# EXERCISE REQUIREMENTS
Skip the images. Copy the records exactly as written.
*** SOURCE INFORMATION
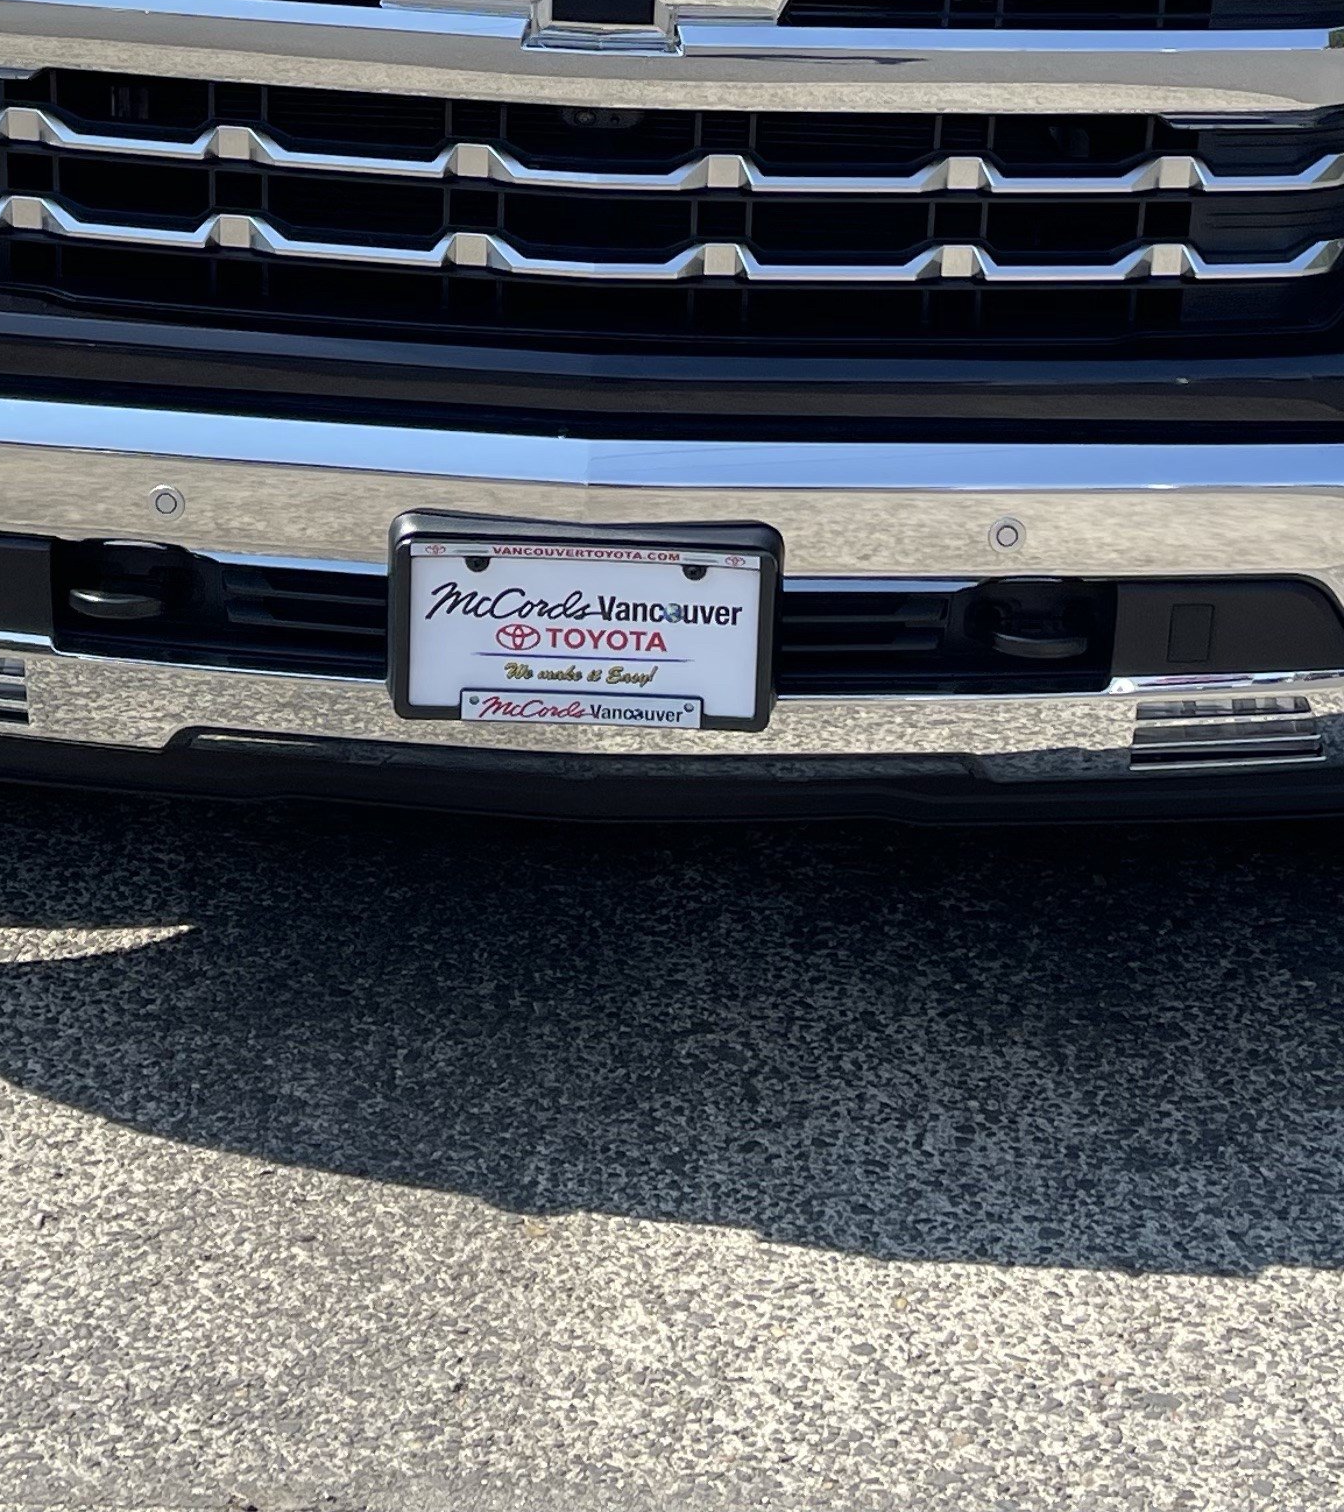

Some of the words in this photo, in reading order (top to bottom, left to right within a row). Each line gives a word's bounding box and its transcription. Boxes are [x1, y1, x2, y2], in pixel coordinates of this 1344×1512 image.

[492, 546, 681, 562] VANCOUVERTOYOTA.COM
[545, 627, 668, 653] TOYOTA
[504, 662, 534, 680] We
[537, 664, 583, 682] make
[587, 667, 602, 683] it
[605, 665, 659, 688] Easy!
******
# ANSWER TO THE EXERCISE
Some of the words in this photo, in reading order (top to bottom, left to right within a row). Each line gives a word's bounding box and its transcription. Boxes are [x1, y1, x2, y2], in pixel coordinates of this 1344×1512 image.

[492, 546, 681, 562] VANCOUVERTOYOTA.COM
[545, 627, 668, 653] TOYOTA
[504, 662, 534, 680] We
[537, 664, 583, 682] make
[587, 667, 602, 683] it
[605, 665, 659, 688] Easy!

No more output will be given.